Toddlers who demonstrate significant speech impairments and use augmentative and alternative communication (AAC) often demonstrate concomitant expressive language impairments. These toddlers receive AAC intervention due to difficulties with speech production at the motor level, and receive language intervention due to difficulties with vocabulary development at the linguistic level. One language intervention approach with a large base of evidence supporting efficacy in young children who have language delays, but do not use AAC, is responsivity education combined with focused stimulation. Another language intervention approaches with a large base of evidence supporting efficacy in young children who use AAC is responsivity education combined with aided AAC modeling. However, the effectiveness of responsivity education and focused stimulation has not been systematically studied, nor has the approach been compared to responsivity education and focused stimulation with the addition of AAC modeling in toddlers who use AAC.

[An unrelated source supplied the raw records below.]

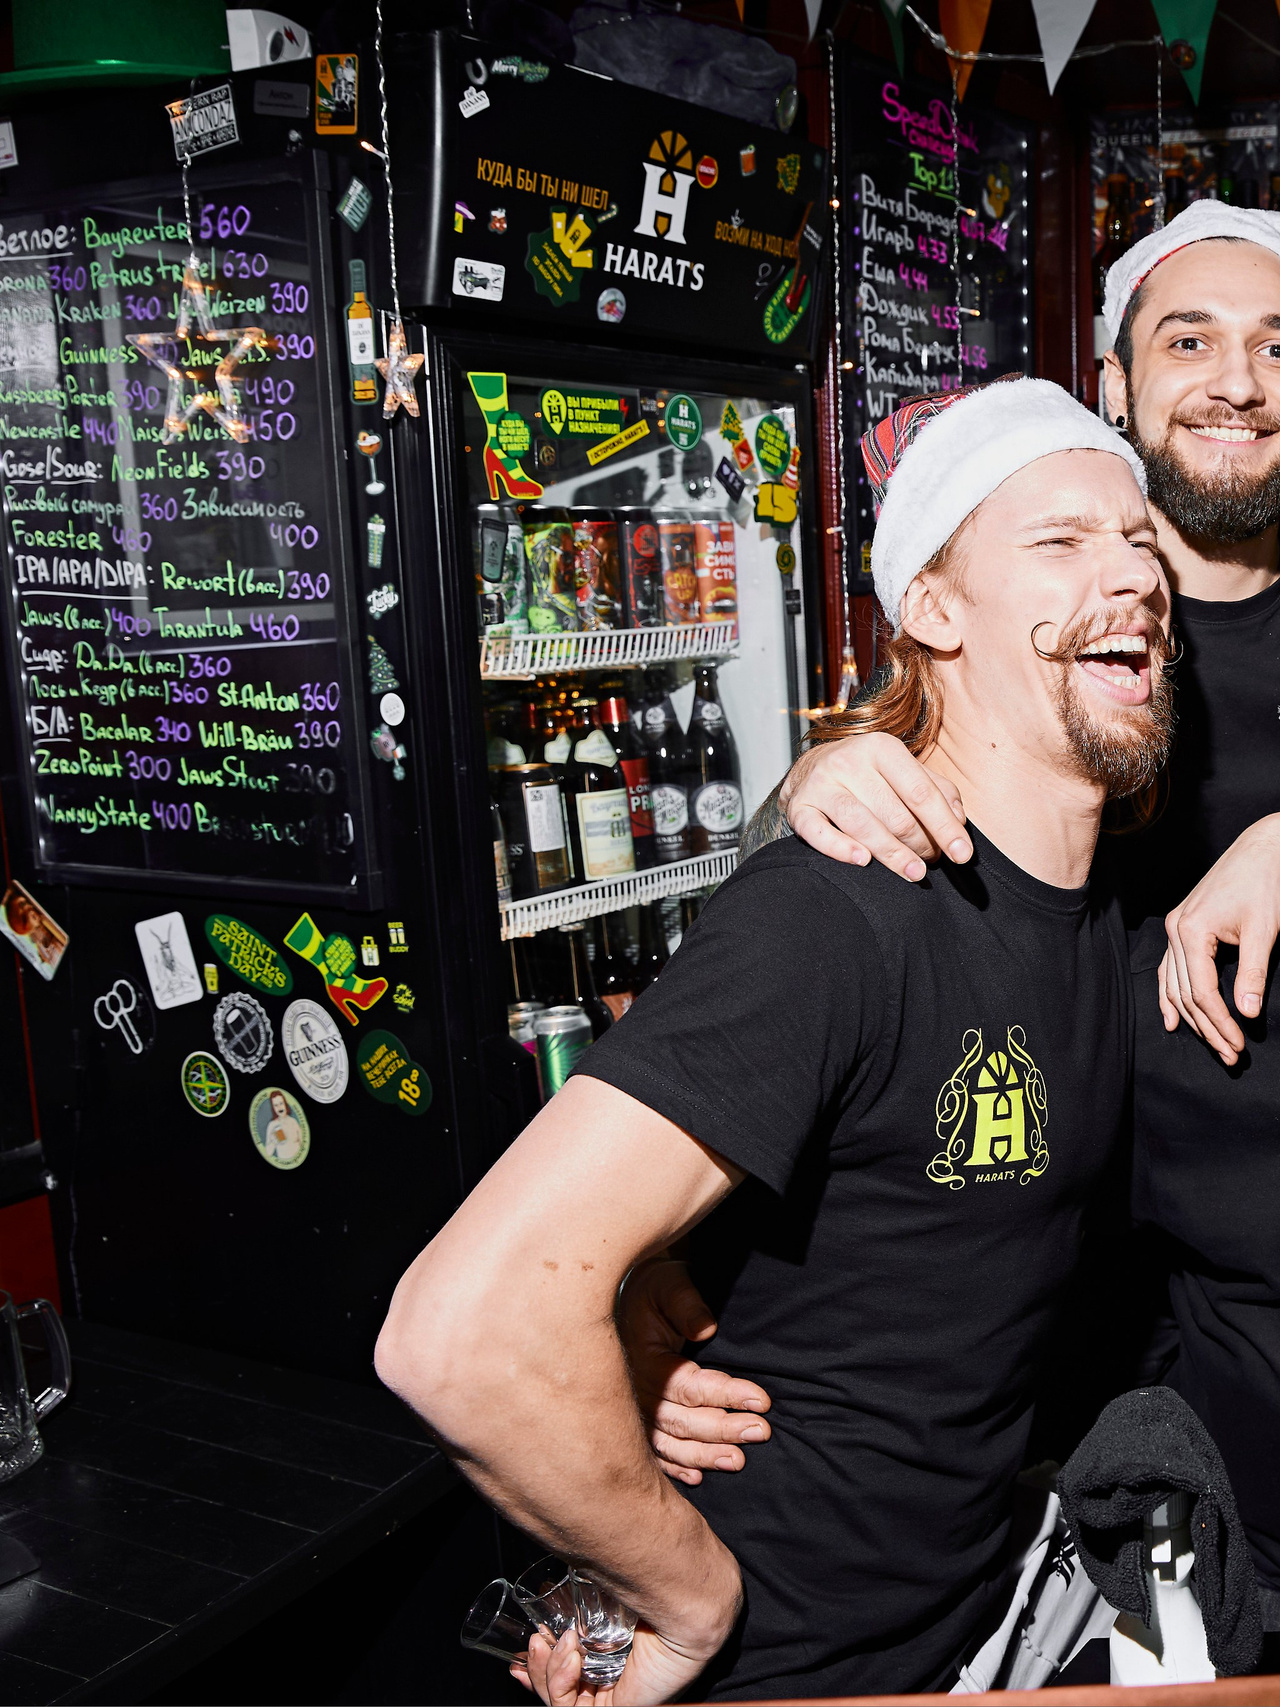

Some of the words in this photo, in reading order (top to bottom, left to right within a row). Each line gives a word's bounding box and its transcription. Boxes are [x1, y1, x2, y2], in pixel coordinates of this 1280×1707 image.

[173, 100, 235, 140] ANCONDAZ
[1096, 133, 1153, 147] QUEEN
[477, 157, 513, 188] КУДА
[516, 167, 537, 193] БЫ
[540, 173, 560, 199] ТЫ
[561, 179, 579, 203] НИ
[581, 185, 609, 211] ШЕЛ
[861, 173, 904, 217] Витя
[83, 206, 188, 258] Bayreuter
[200, 203, 250, 239] 560
[603, 242, 705, 291] HARAT'S
[917, 234, 948, 264] 4.33
[49, 266, 87, 291] 360
[90, 258, 154, 290] Petrus
[156, 247, 216, 283] triel
[223, 250, 269, 279] 630
[862, 246, 896, 285] Еша
[899, 262, 929, 293] 4.44
[55, 293, 122, 324] Kraken
[124, 295, 161, 321] 360
[270, 282, 309, 314] 390
[859, 282, 929, 326] Дождик
[60, 336, 139, 366] Guinness
[181, 338, 224, 367] Jaws
[274, 333, 315, 361] 390
[863, 316, 900, 353] Рома
[65, 374, 118, 407] Porter
[118, 379, 160, 411] 390
[245, 376, 295, 406] 490
[0, 413, 82, 441] Newcastle
[83, 416, 118, 446] 440
[243, 409, 296, 441] 450
[112, 454, 156, 482] Neon
[157, 448, 210, 479] Fields
[216, 450, 265, 481] 390
[140, 492, 178, 521] 360
[181, 487, 305, 520] Зависимость
[12, 519, 103, 551] Forester
[112, 525, 152, 553] 460
[270, 522, 319, 549] 400
[287, 570, 330, 600] 390
[21, 601, 64, 629] Jaws
[112, 607, 151, 637] 400
[153, 606, 243, 638] Tarantula
[250, 612, 300, 641] 460
[188, 653, 231, 678] 360
[169, 681, 209, 704] 360
[300, 681, 340, 711] 360
[80, 712, 154, 743] Bacalar
[155, 715, 192, 742] 340
[294, 720, 341, 749] 390
[125, 751, 171, 781] 300
[177, 757, 225, 787] Jaws
[628, 784, 651, 795] LON
[152, 799, 191, 831] 400
[228, 921, 277, 962] SAINT
[228, 952, 262, 983] DAY
[289, 1033, 342, 1067] GUINNESS
[975, 1170, 1016, 1183] HARAT'S
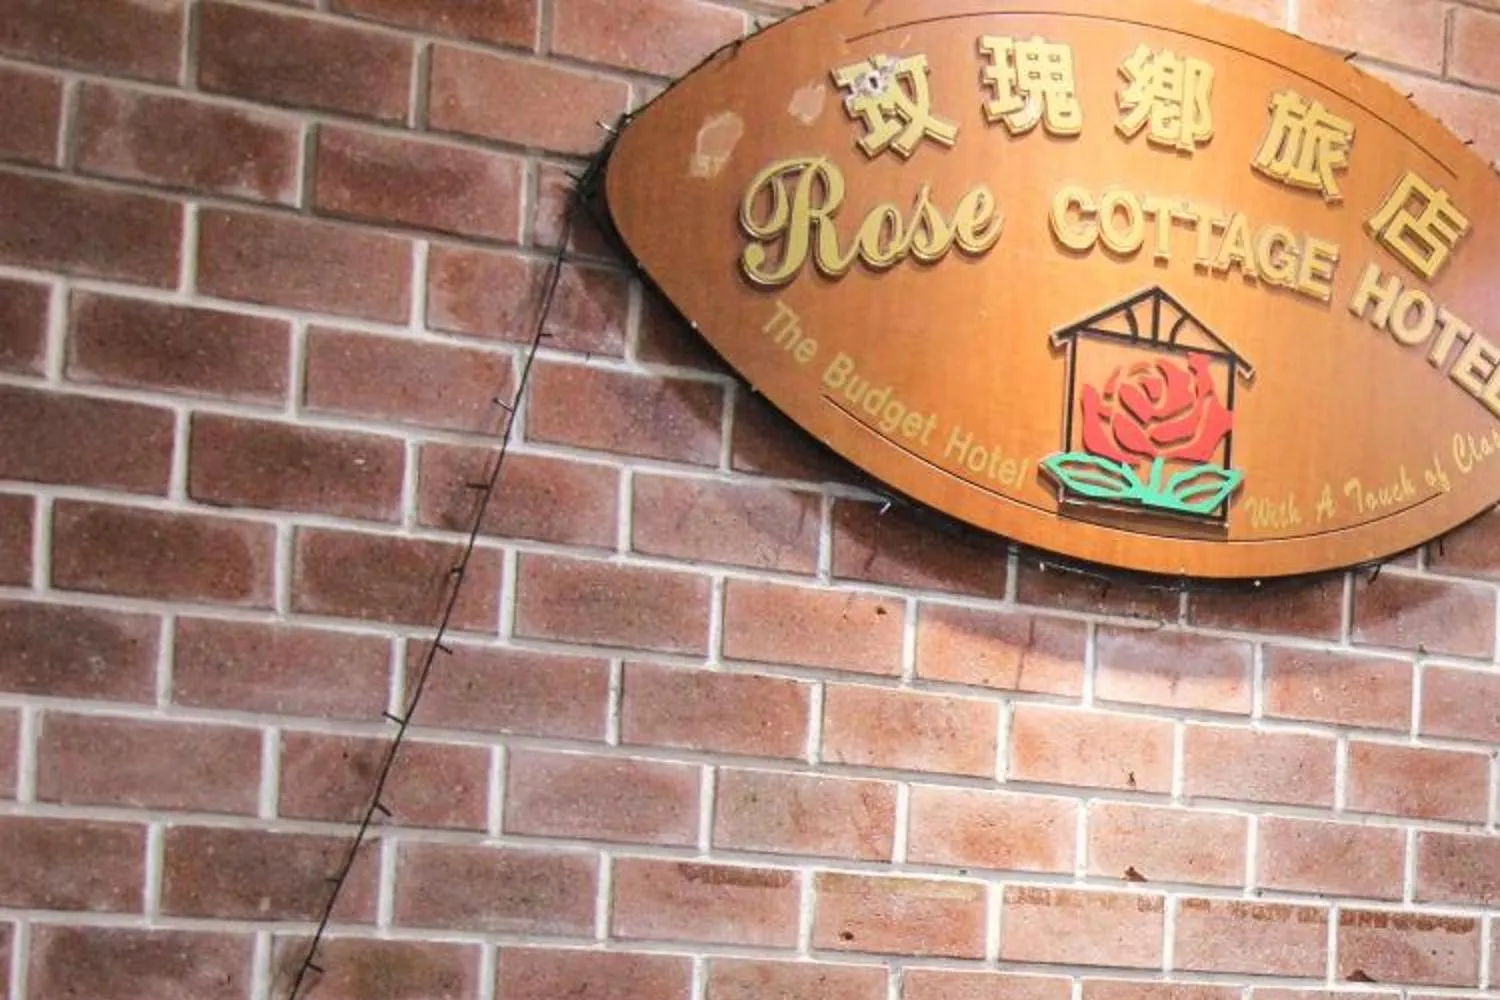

A challenge of language intervention is to provide effective and efficient treatment for the expressive language impairment. To address this critical challenge with toddlers who use AAC, the current investigation compared the effectiveness and efficiency of these language intervention approaches in teaching new vocabulary production to toddlers between the ages of two and three who received AAC intervention. Specifically, the study examined the possible added value of including AAC modeling to an intervention involving responsivity education and focused stimulation. The study used an adapted alternating treatment design across participants. Four 2-year-old toddlers, who used AAC to communicate, participated in the study. One toddler used a visual grid, manual sign, and word approximations/words to communicate; one toddler used manual sign and word approximations/words to communicate; one toddler used a communication board, manual sign, and word approximations/words to communicate; and a final toddler used a flip chart and word approximations/words to communicate.

The results of the study provided preliminary evidence that the language intervention approach of responsivity education and focused stimulation was more effective for improving the vocabulary production in three of four participants in the study. The added value of including AAC modeling in the intervention resulted in more effective vocabulary production with the fourth participant. In addition, the results of the investigation provided preliminary evidence that the language intervention approach of responsivity education and focused stimulation was more efficient for improving the vocabulary production in two of the four participants in the study. The added value of AAC modeling in the intervention resulted in more efficient vocabulary production for the third participant. Neither intervention approach was efficient with the fourth participant. Possible factors affecting the results of the study, theoretical and clinical implications, limitations, and future directions for research are discussed.